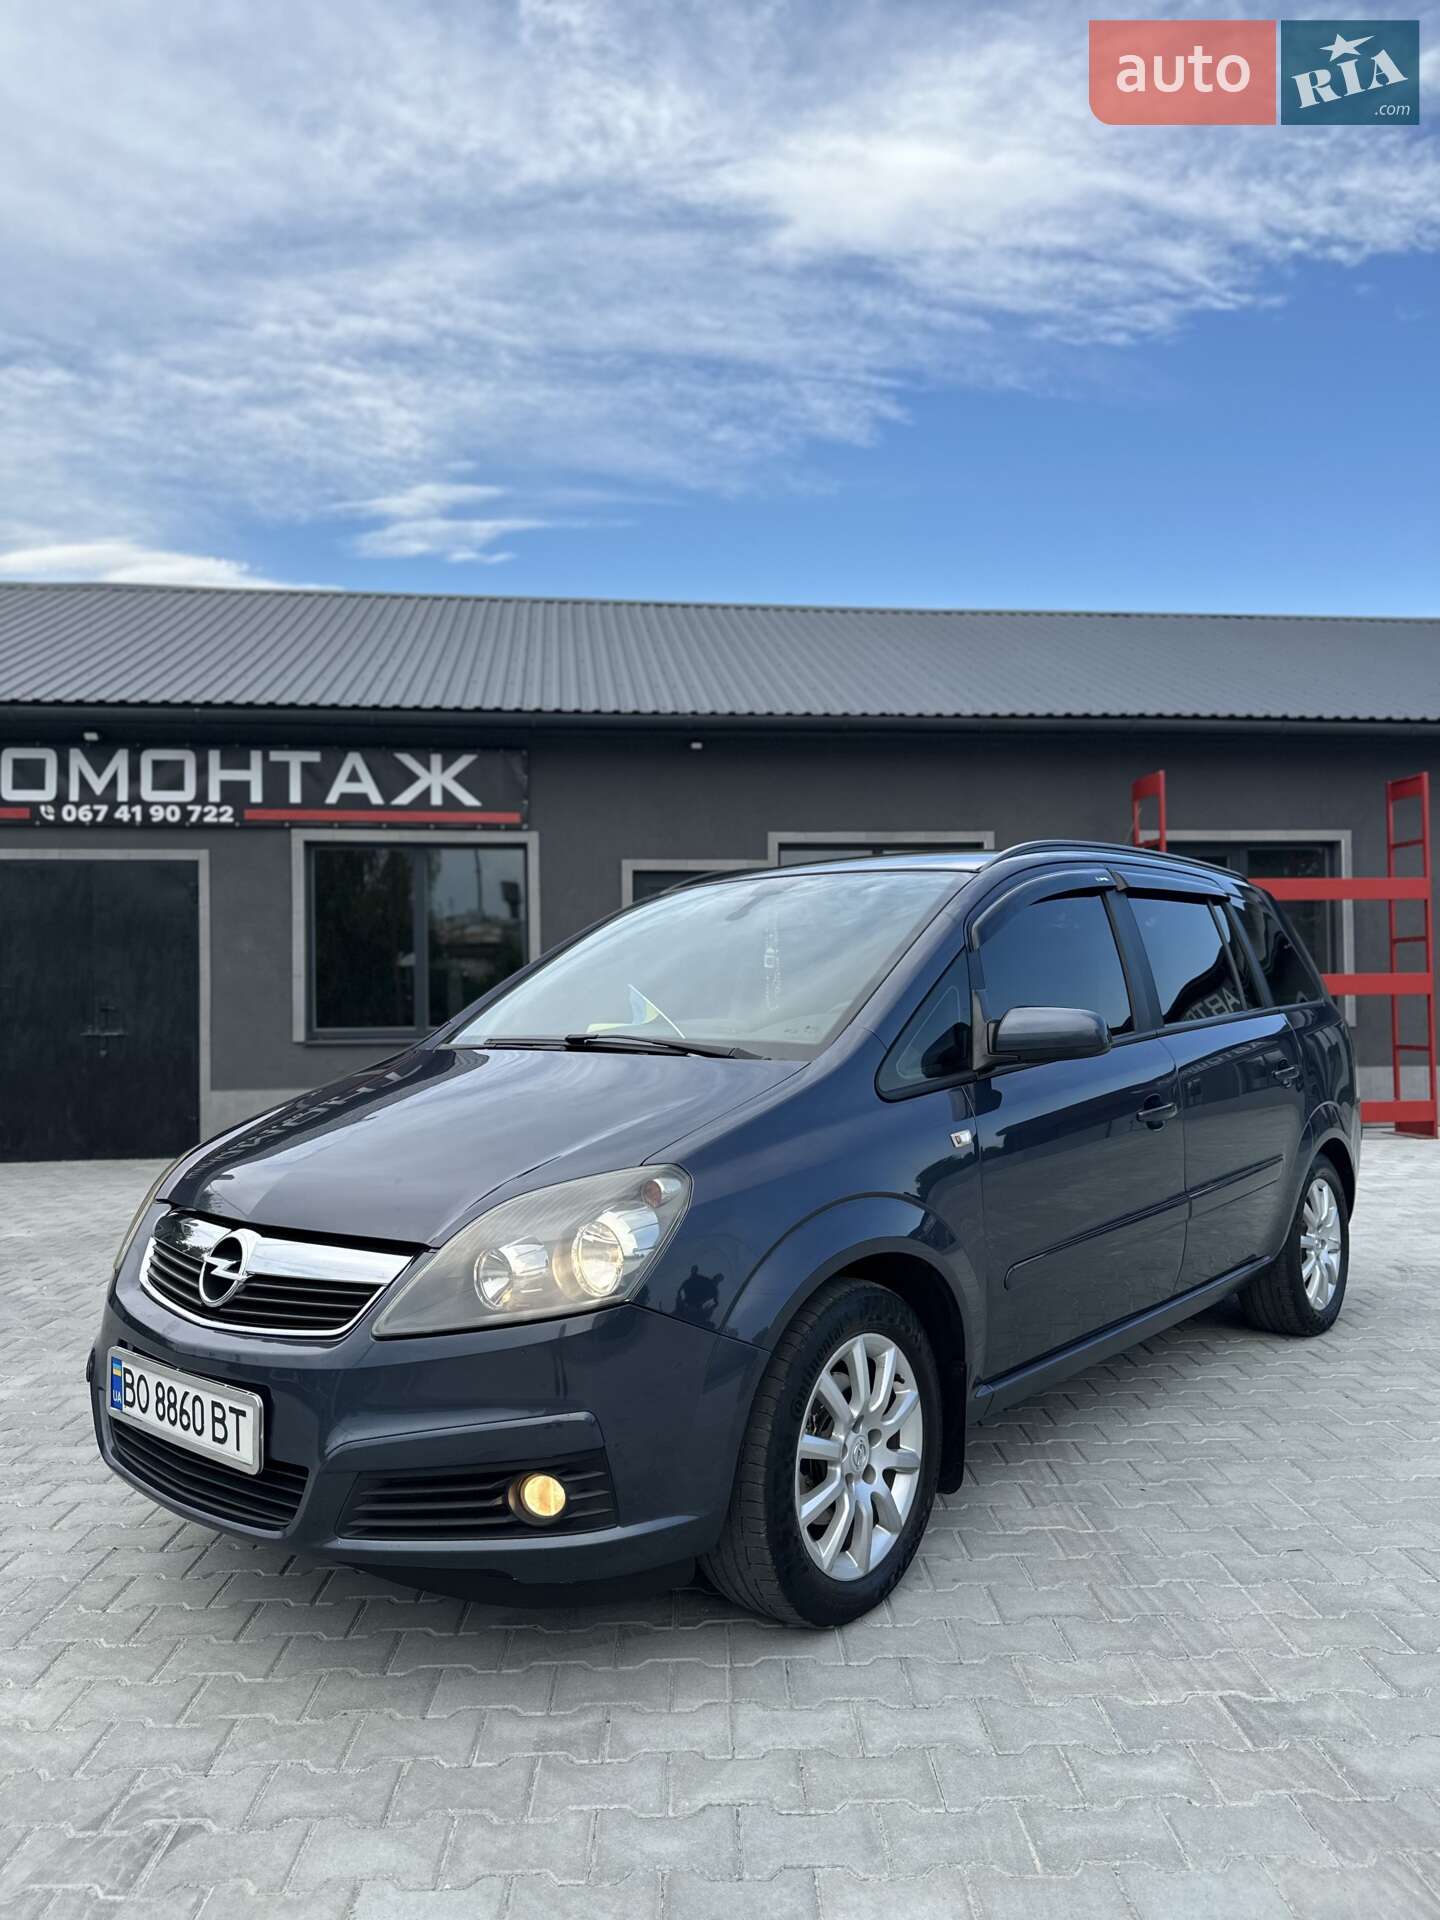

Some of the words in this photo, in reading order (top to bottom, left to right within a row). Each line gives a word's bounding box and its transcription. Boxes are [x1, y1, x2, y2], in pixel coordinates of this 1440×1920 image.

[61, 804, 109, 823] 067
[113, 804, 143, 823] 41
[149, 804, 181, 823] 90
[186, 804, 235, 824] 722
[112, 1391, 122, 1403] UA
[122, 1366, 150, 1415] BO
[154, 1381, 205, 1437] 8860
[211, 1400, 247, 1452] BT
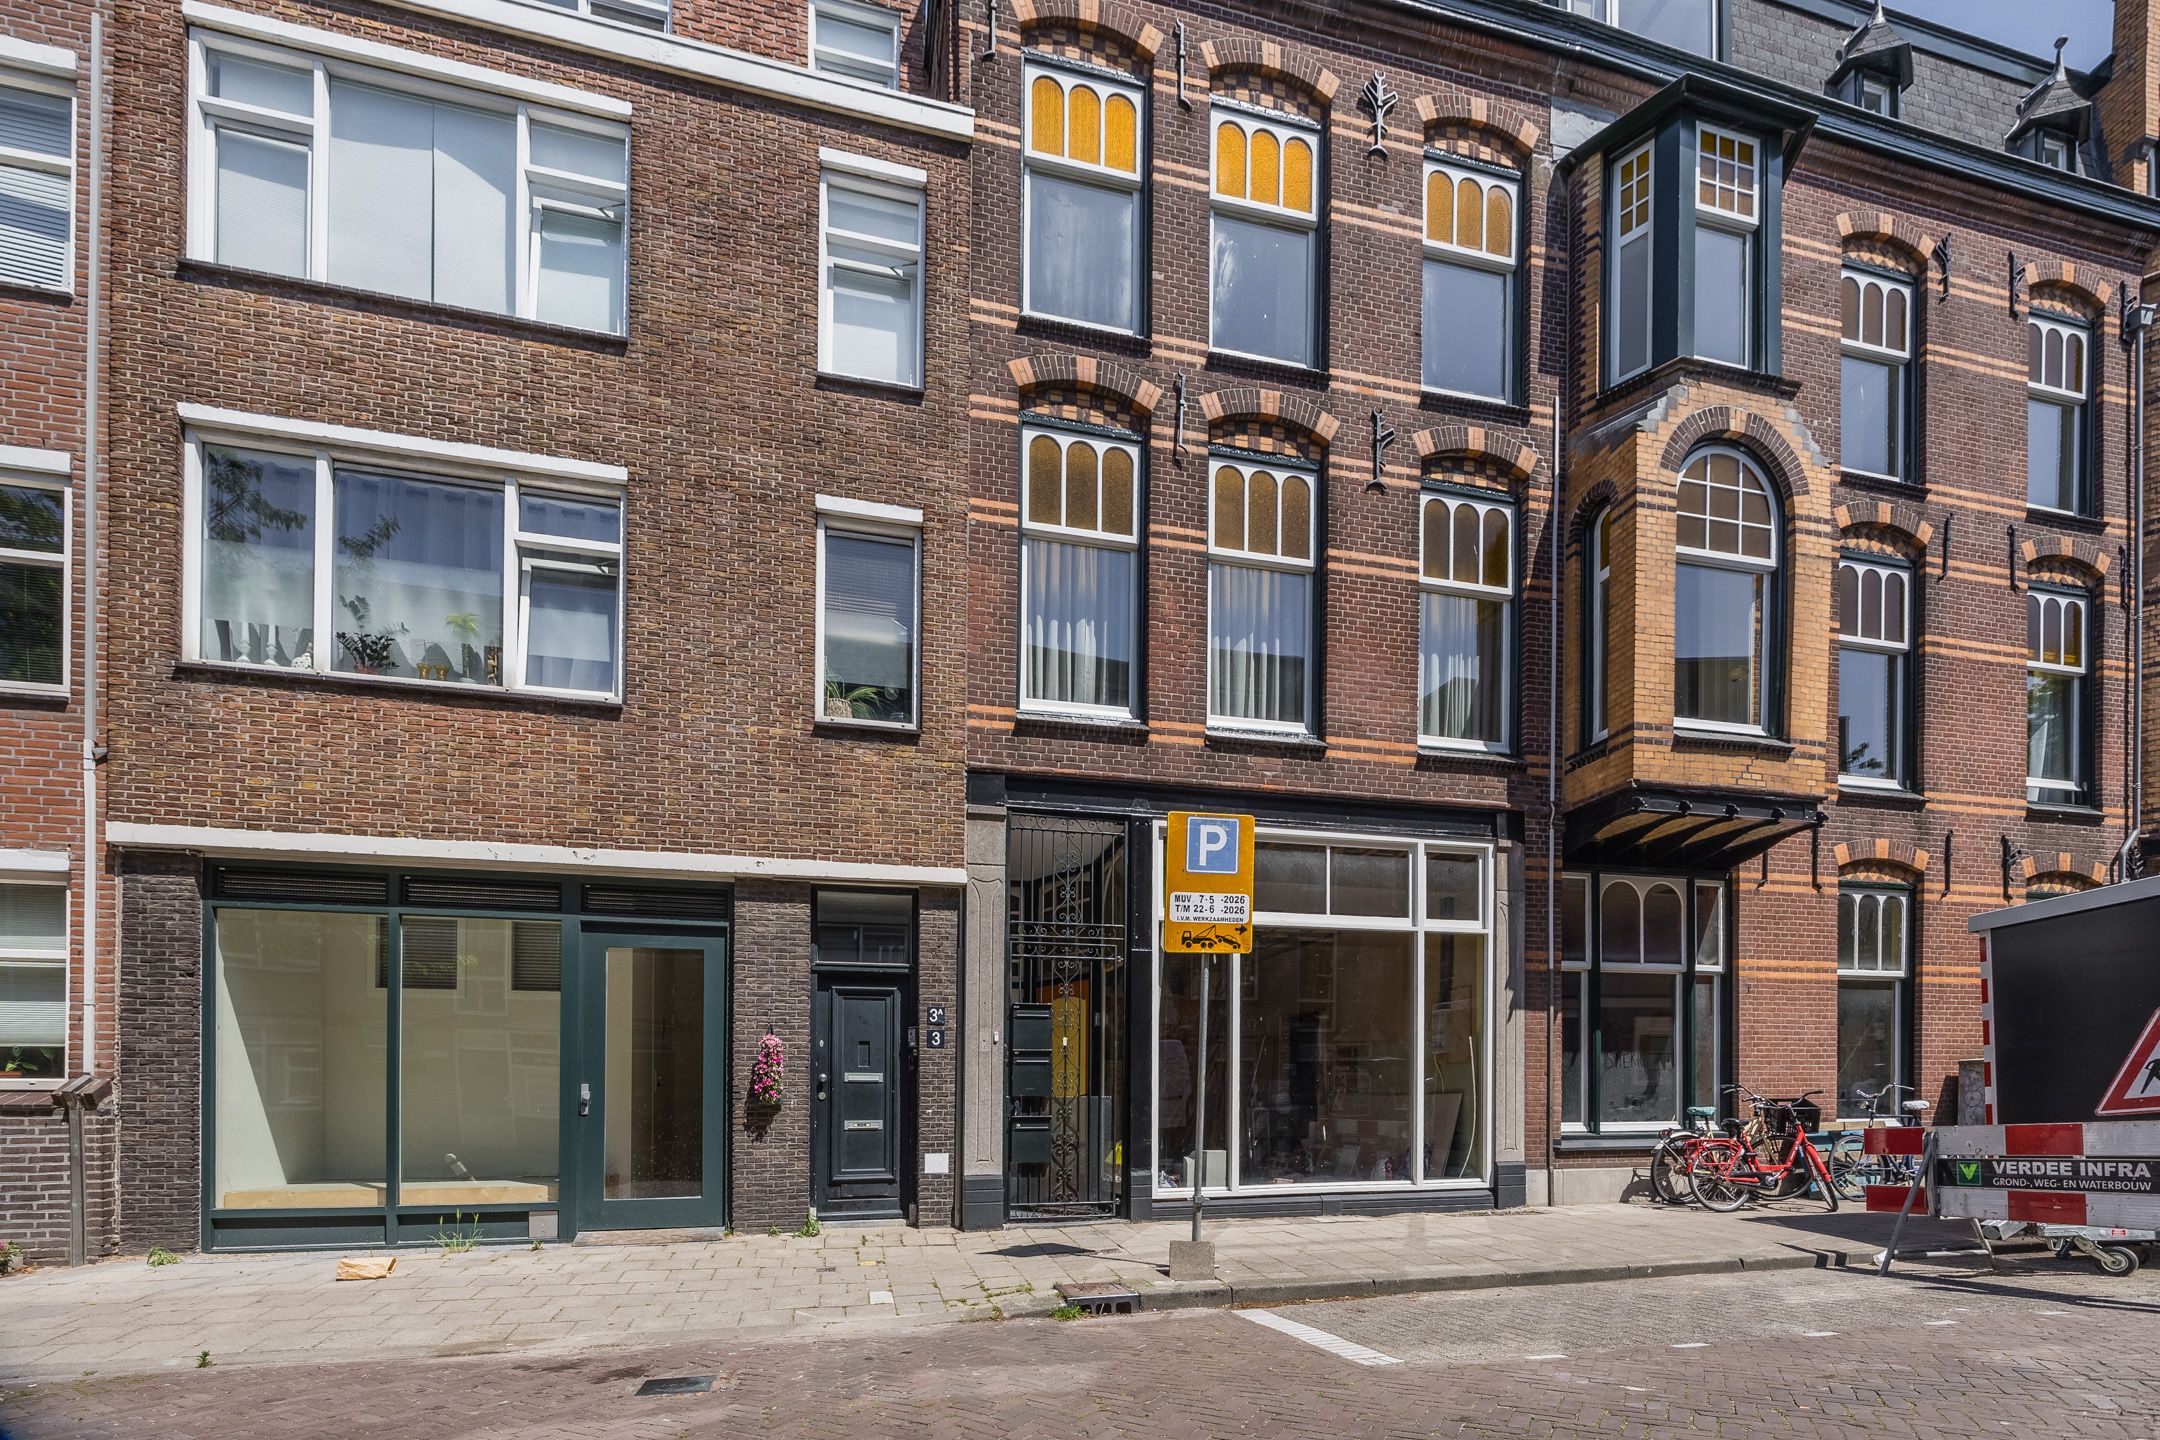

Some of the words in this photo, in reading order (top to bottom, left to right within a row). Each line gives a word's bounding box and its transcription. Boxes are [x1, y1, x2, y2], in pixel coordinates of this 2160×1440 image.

(Requirement) Line by line, write out the material exactly, leaving the images out.

(The answer)
Some of the words in this photo, in reading order (top to bottom, left to right within a row). Each line gives a word's bounding box and its transcription. Boxes are [x1, y1, x2, y2], in pixel coordinates of this 1440×1920 image.

[61, 804, 109, 823] 067
[113, 804, 143, 823] 41
[149, 804, 181, 823] 90
[186, 804, 235, 824] 722
[112, 1391, 122, 1403] UA
[122, 1366, 150, 1415] BO
[154, 1381, 205, 1437] 8860
[211, 1400, 247, 1452] BT

Some of the words in this photo, in reading order (top to bottom, left to right within a row). Each line gives a word's bounding box and its transcription. Boxes are [x1, y1, x2, y2], in pixel coordinates of this 2160×1440 image.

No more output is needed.